The consultancy Hystra had been commissioned by the Bill and Melinda Gates Foundation, the Children’s Investment Fund, and the Shell Foundationto look at the methods of 15 organisations successfully selling life-improving products (clean cookstoves, irrigation pumps, water filters, solar systems, etc) to the poor. The results were presented to a room full of NGOs, social entrepreneurs, and policymakers.
I was particularly excited because 5 of the organisations involved in the study are previous Ashden Award winners: Toyola, GERES Cambodia, SELCO, Hydrologic, and Grameen Shakti. It was a great opportunity to catch up with them – it’s not often our international winners pay us a visit!
The meat of the morning was a presentation on the lessons learned from the study on how to market to the poor. Here are my top 6:
1. Saving money is the main thing that motivates people. Considerations such as health and convenience come later.

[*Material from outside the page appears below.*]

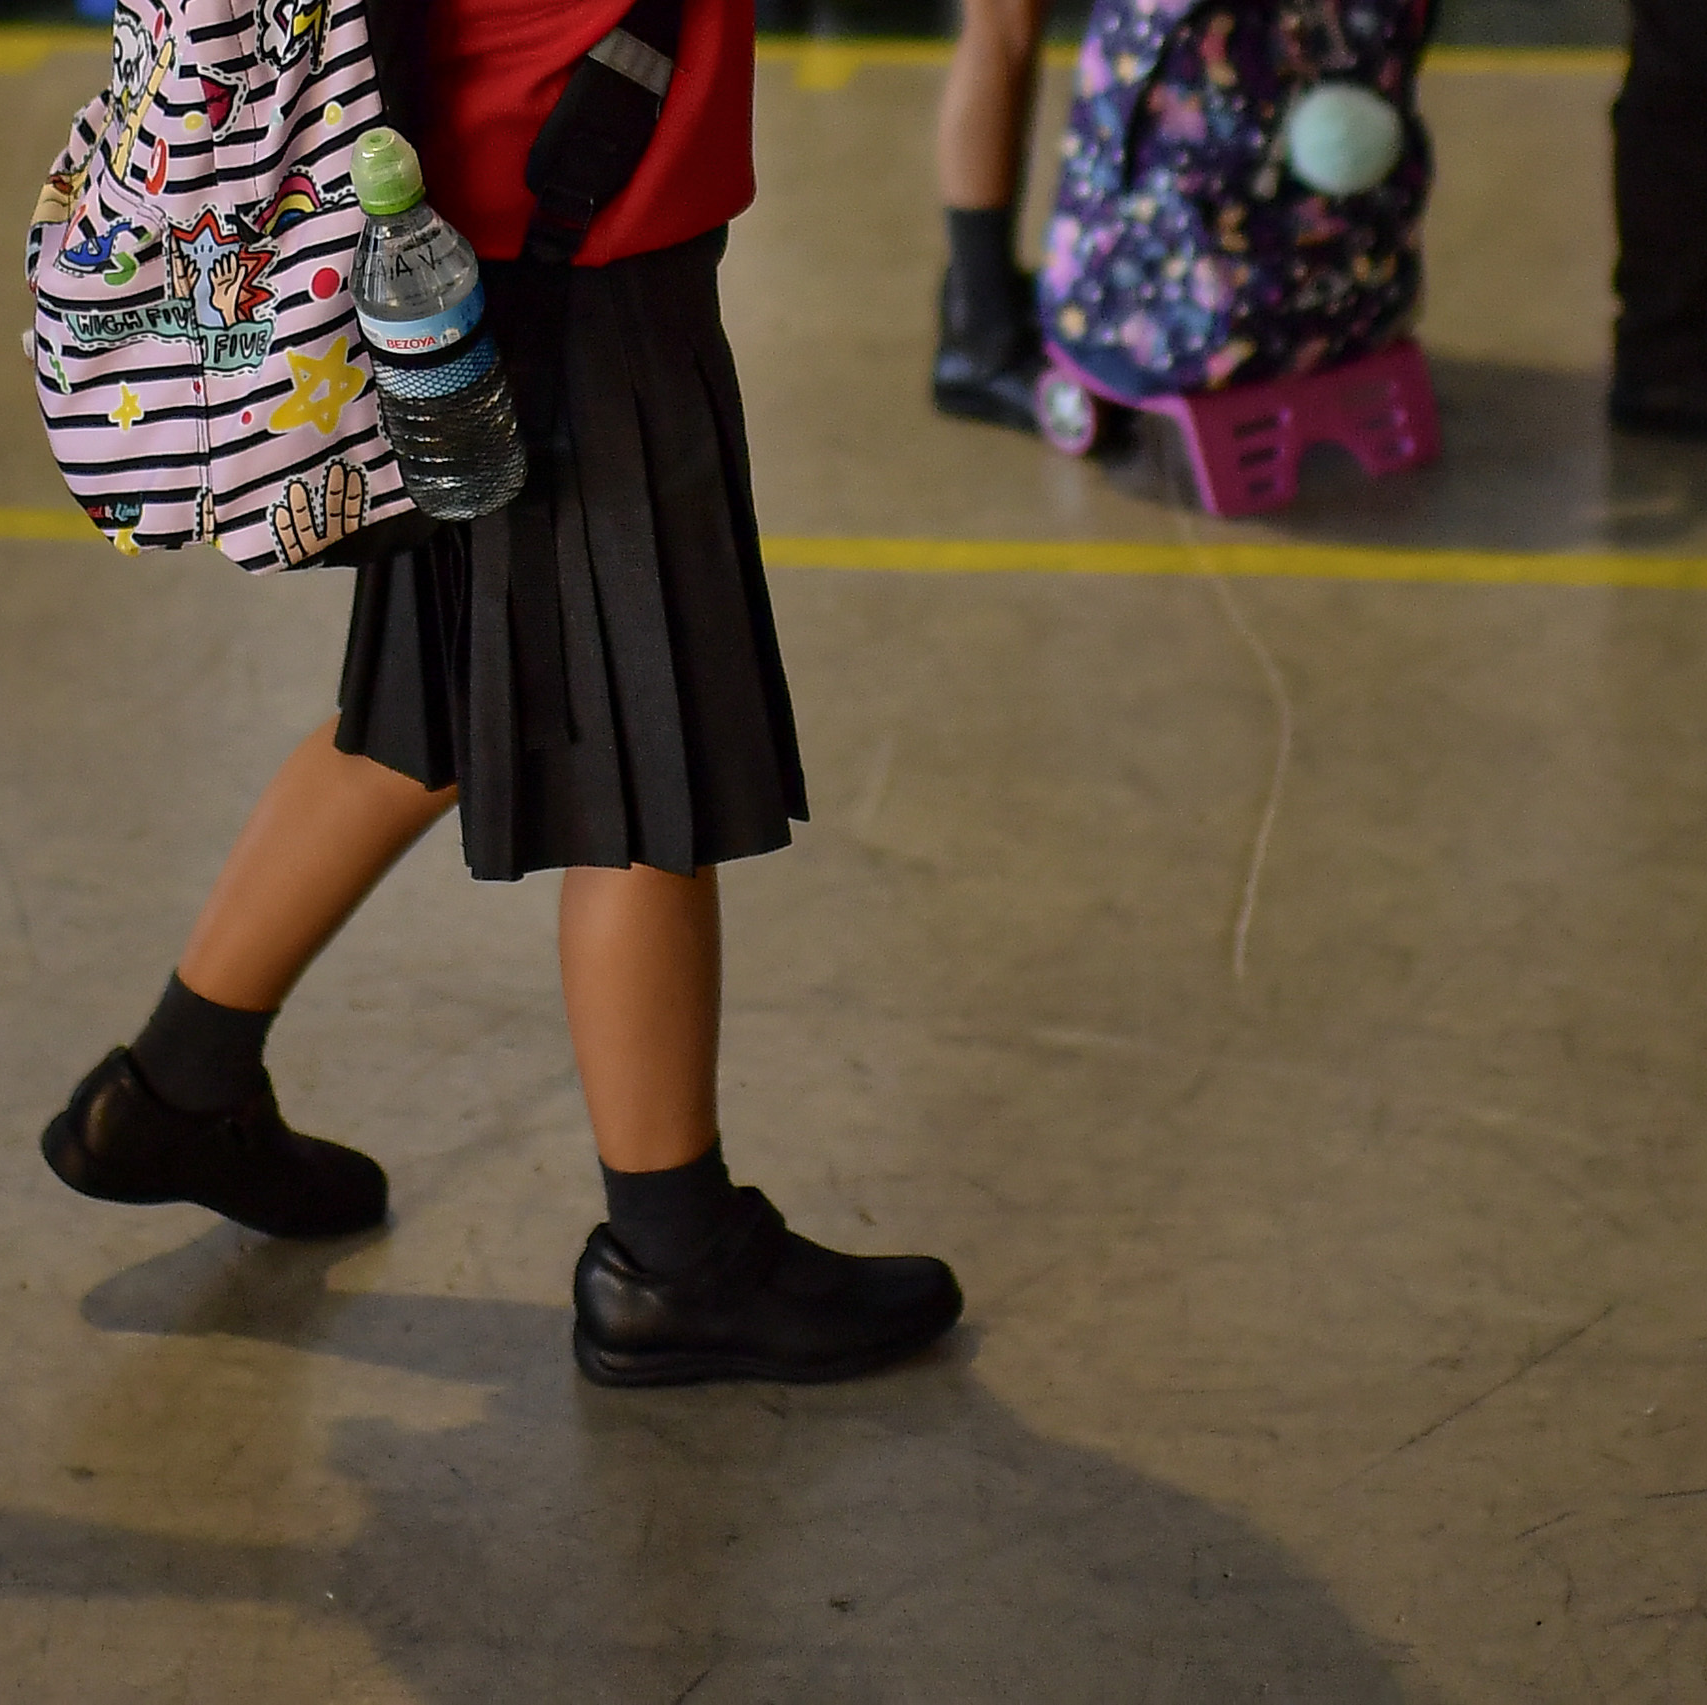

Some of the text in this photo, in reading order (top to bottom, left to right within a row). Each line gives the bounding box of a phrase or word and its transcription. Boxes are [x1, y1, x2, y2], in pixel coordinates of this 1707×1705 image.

2. Poor people want risk-free solutions, not cheap products. Unsurprisingly, poor people are often particularly cautious about how they spend their money, and as many of these devices (solar lanterns, efficient cookstoves, etc) are new to them, to be successful sellers have to minimise risk for the customer. For example Toyola CEO Suraj Wahab noted that most people choose to try one of his cookstoves for a month before buying it, rather than get a 10% discount by buying on the spot.
3. Village demonstrations work better than awareness-raising campaigns, which raise awareness but don’t actually convince people to buy. This relates to point 2 – people want to be able to see something in action – and stamp on it, in the case of ToughStuff’s solar lanterns – before they invest.

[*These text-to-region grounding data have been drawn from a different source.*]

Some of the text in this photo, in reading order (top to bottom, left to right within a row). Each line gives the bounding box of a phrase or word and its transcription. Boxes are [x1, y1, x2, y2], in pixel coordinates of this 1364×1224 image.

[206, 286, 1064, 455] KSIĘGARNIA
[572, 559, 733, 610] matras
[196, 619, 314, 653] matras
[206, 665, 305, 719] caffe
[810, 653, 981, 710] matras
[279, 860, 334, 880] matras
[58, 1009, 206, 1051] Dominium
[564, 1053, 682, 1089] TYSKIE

4. Financing is best done in house.This point is a bit controversial, as not all those involved in the study agree. The researchers argued that relationships with third-party micro-finance providers often break down, and gave plenty of examples. However, solar installer SELCO does an excellent job linking its customers with rural banks to get finance for its solar home systems. Perhaps it’s hard to get right, but not impossible.
5. Don’t desert your customers after the sale. Checking in with recent customers to make sure their new purchase is working means customers are satisfied and are more likely to recommend the product to their friends and neighbours.

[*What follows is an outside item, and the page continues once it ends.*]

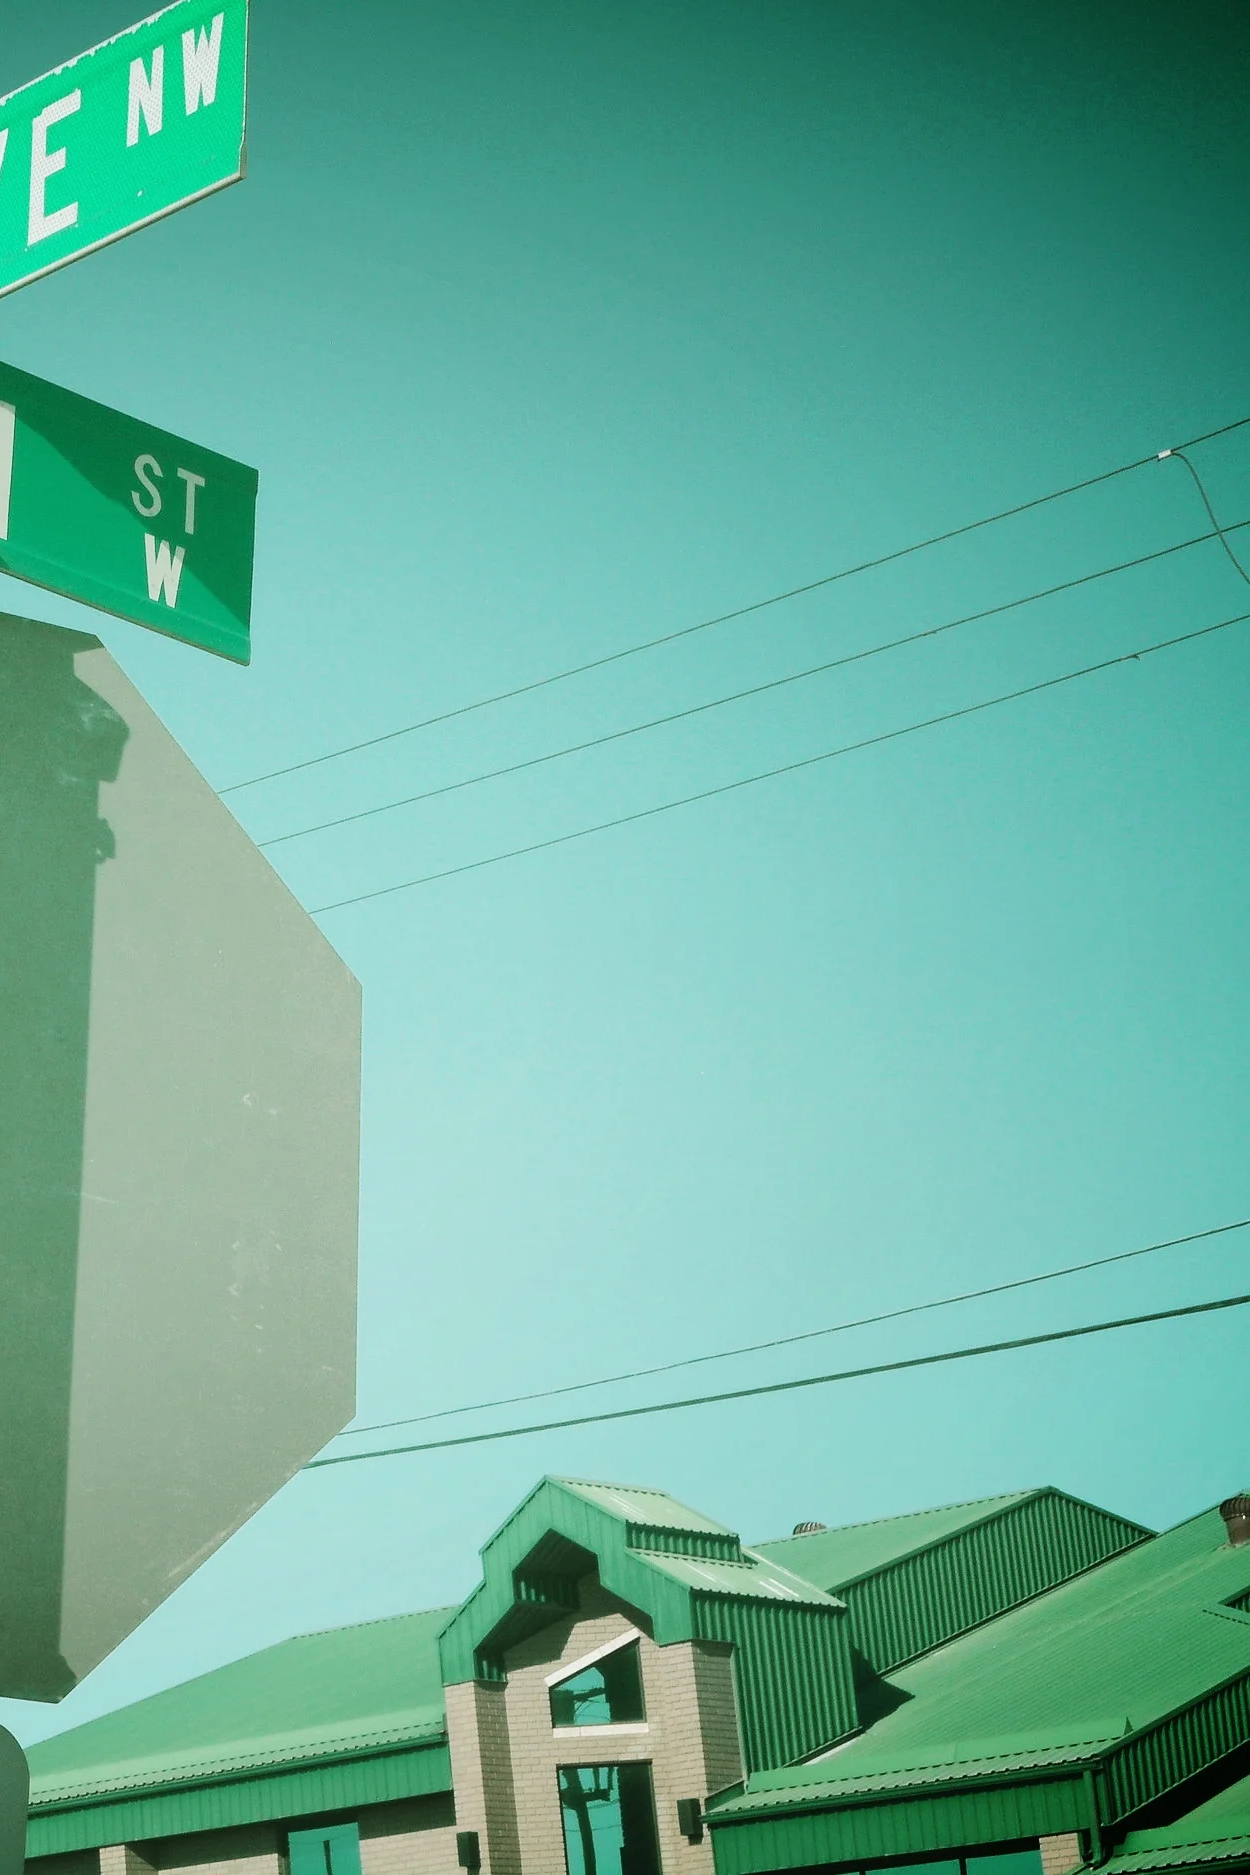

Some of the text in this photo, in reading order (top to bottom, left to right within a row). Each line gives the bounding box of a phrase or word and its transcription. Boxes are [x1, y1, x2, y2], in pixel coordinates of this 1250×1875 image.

[127, 12, 224, 146] NW
[131, 454, 205, 535] ST
[143, 533, 185, 608] W

6. Field costs are high. Visiting villages, doing demonstrations, after-sales service, etc all cost time and money, so margins need to be high to cover these costs.
I found lesson two, about risk-aversion being more of a motivation than price, particularly compelling. I admit I had assumed the cheapest product would always win.
So perhaps the overall lesson about marketing to the poor is not to make assumptions about what they want and need. That’s why it’s great to have a piece of research informed by the experience of organisations successfully selling these products, not well-meaning policymakers theorising about what’s best for other people.